Aleksandra Mirosław (6,55 s) zdobyła brązowy medal mistrzostw świata we wspinaczce sportowej na czas w Bernie, pokonując Aleksandrę Kałucką (8,07 s). Wygrała Indonezyjka Desak Made Dewi (6,49 s) uzyskując kwalifikację olimpijską do igrzysk Paryż 2024 , podobnie jak druga Amerykana Emma Hunt (6,67 s).

Mirosław, rekordzistka świata (6,25 s) i czwarta zawodniczka igrzysk w Tokio w kombinacji (za rok w Paryżu każda z konkurencji wspinaczkowych będzie już osobno nagradzana medalami) deklasowała rywalki w kwalifikacjach i fazie finałowej. W półfinale z Hunt popełniła jednak błąd już na trzecim stopniu i nie ukończyła rywalizacji.

Kałucka prowadziła w półfinale z Desak Made Rita Kusuma Dewi, ale również nie ustrzegła się błędu w końcówce i ostatecznie przegrała, uzyskując 7,40 s, podczas gdy rywalka miała 6,48 s.

Polki, zajmujące czołowe miejsca w rankingu PŚ 2023 i w rankingu IFSC, zebrały podwójną liczbę punktów za swoje występy w Bernie i nadal mają duże szanse uzyskania kwalifikacji do IO Paryż 2024.

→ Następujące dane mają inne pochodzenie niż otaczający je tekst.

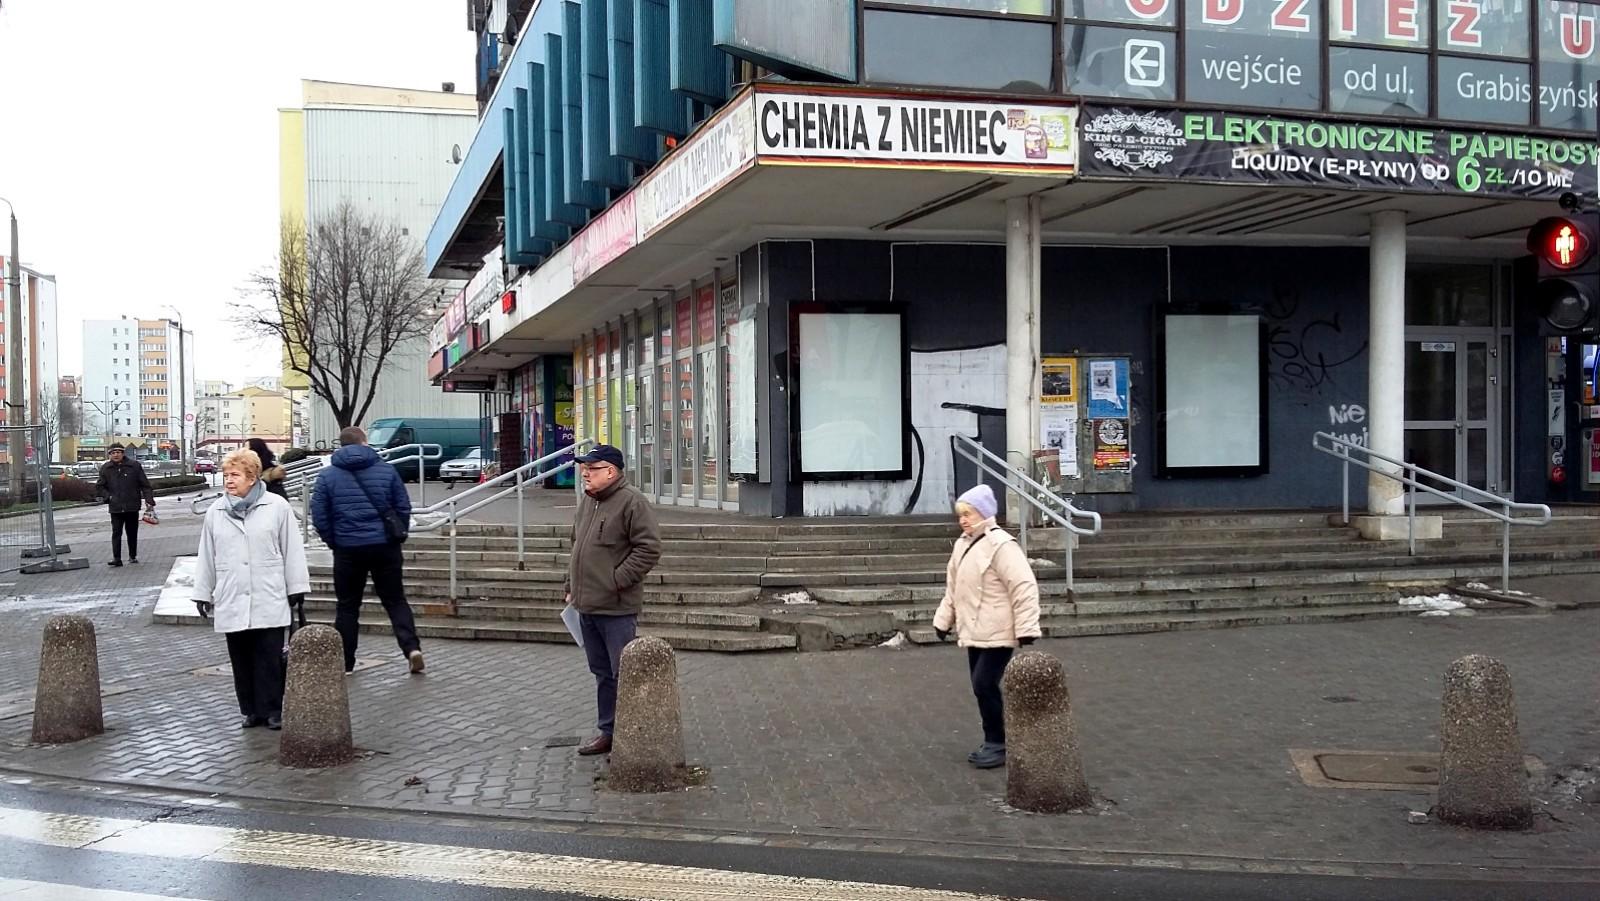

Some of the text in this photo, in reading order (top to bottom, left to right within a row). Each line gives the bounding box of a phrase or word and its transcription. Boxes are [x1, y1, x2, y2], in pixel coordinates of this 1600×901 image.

[1202, 54, 1302, 89] wejście
[1344, 64, 1377, 91] od
[1386, 66, 1414, 94] ul.
[761, 100, 1007, 156] CHEMIA Z NIEMIEC
[1084, 133, 1187, 146] KING E-CIGAR
[1184, 115, 1598, 166] ELEKTRONICZNE PAPIEROSY
[1231, 153, 1315, 173] LIQUIDY
[1320, 157, 1416, 184] (E-PŁYNY)
[1422, 164, 1450, 181] OD
[1457, 155, 1482, 192] 6
[1329, 404, 1366, 425] Nie

Do półfinałów biało-czerwone spisywały się bardzo dobrze. W 1/8 finału Mirosław pokonała Chinkę Di Niu uzyskując 6,41, trzecia w kwalifikacjach Aleksandra Kałucka (6,70 s) wyprzedziła Indonezyjkę Nurul Iquamach, zaś Patrycja Chudziak okazała się lepsza (7,18 s) od Francuzki Capucine Viglione.

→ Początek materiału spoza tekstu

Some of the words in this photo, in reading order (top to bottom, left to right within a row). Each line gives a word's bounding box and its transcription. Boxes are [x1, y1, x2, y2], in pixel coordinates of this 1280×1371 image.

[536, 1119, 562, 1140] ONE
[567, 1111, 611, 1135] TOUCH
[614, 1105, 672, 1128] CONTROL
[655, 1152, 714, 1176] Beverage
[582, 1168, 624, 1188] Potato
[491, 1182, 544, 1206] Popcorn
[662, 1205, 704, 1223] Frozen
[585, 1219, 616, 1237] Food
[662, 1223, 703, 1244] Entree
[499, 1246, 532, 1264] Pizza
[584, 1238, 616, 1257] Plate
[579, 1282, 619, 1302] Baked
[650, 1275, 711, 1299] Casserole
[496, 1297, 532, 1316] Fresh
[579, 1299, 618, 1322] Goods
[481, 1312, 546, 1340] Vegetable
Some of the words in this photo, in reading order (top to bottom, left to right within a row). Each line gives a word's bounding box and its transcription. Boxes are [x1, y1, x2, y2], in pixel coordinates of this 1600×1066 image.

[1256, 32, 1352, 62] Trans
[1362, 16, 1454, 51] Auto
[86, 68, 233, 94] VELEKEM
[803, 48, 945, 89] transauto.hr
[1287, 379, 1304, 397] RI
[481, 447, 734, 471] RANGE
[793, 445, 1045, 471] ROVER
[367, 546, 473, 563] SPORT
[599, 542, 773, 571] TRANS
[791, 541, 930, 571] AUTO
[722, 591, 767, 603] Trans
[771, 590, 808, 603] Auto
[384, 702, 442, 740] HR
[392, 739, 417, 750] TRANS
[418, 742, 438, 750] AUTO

Odpadła natomiast niespodziewanie broniąca tytułu i liderka PŚ 2023 Natalia Kałucka (piąta w eliminacjach), która przegrała z Chinką Yafei Zhou popełniając błąd na trzecim stopniu i nie kończąc biegu.

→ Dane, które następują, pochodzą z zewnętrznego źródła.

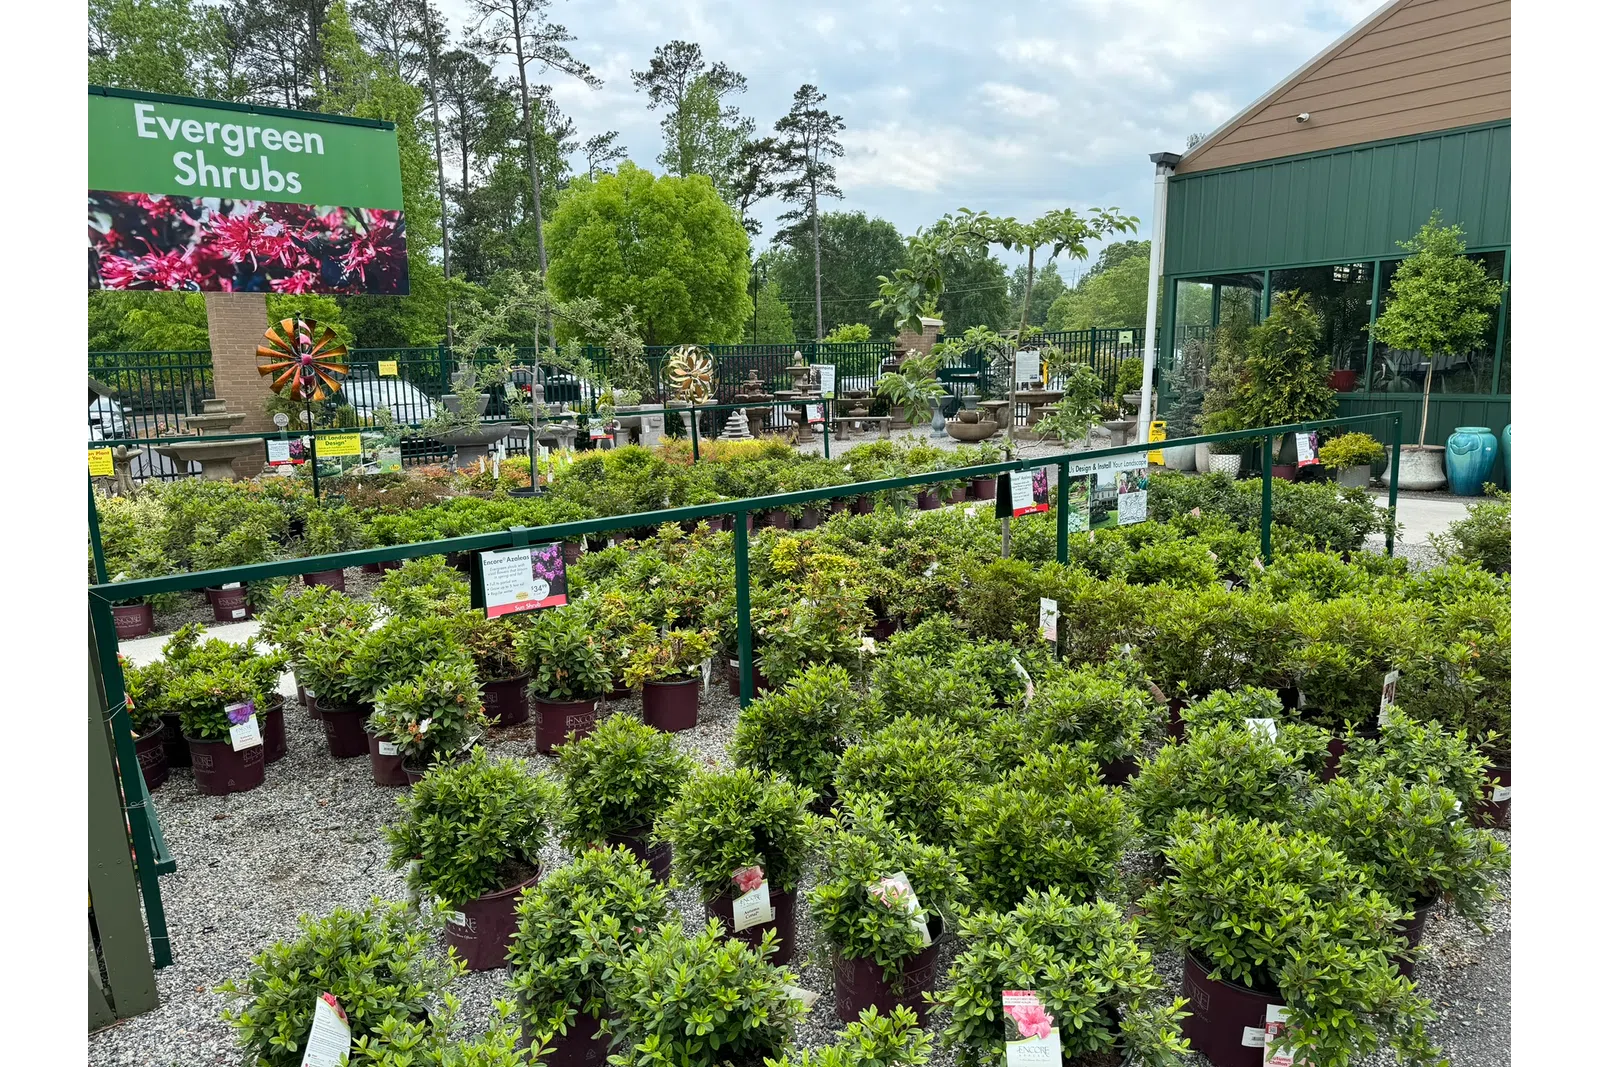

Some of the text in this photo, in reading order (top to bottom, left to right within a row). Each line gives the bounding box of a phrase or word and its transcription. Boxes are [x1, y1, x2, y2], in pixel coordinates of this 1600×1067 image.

[134, 102, 325, 157] Evergreen
[173, 149, 302, 194] Shrubs
[1076, 465, 1091, 473] Design
[1098, 461, 1111, 469] Install
[1124, 459, 1146, 467] Landscape
[1018, 1046, 1050, 1057] ENCORE

W ćwierćfinale Mirosław wspinała sie jeszcze szybciej (6,38 s) i wygrała z Hiszpanką Leslie Adraina Romero Perez (7,18 s). Aleksandra Kałucka pobiegła równym rytmem i miała lepszy czas (6,58 s) od faworyzowanej Indonezyjki Rajiah Sallsabillah (7,72 s), trzeciej w rankingu PŚ, która popełniła błąd. Chudziak (7,14 s) przegrała natomiast z Desak Made Dewi (6,64 s), ale jej udział w najlepszej ósemce MŚ należy traktować jako wartościowy wynik. Chudziak została sklasyfikowana na 6. miejscu, Natalia Kałucka na 9., a Anna Brożek (nie zakwalifikowała się do finału) na 23.

Wśród mężczyzn triumfował niespodziewanie Włoch Mateo Zurloni, 16. zawodnik światowego rankingu. Złoto zdobył bez walki, bowiem rywal - Chińczyk Jinbao Long popełnił falstart, co oznacza dyskwalifikację. Obydwaj finaliści zdobyli jednak kwalifikacje olimpijskie. Brąz wywalczył Indonezyjczyk Rahmad Adi Mulyono.

Sensacją było odpadnięcie już w 1/8 finału lidera światowego rankingu i rekordzisty świata (4,90) Indonezyjczyka Veddricka Leonardo, który wygrał eliminacje w Bernie. W 1/8 finału popełnił błąd i przegrał z Hiszpanem Erikiem Noya Cardonem. Polacy Marcin Dzieński i Hubert Przytuła nie przebrnęli eliminacji i zostali sklasyfikowani odpowiednio na 24. i 55. miejscu.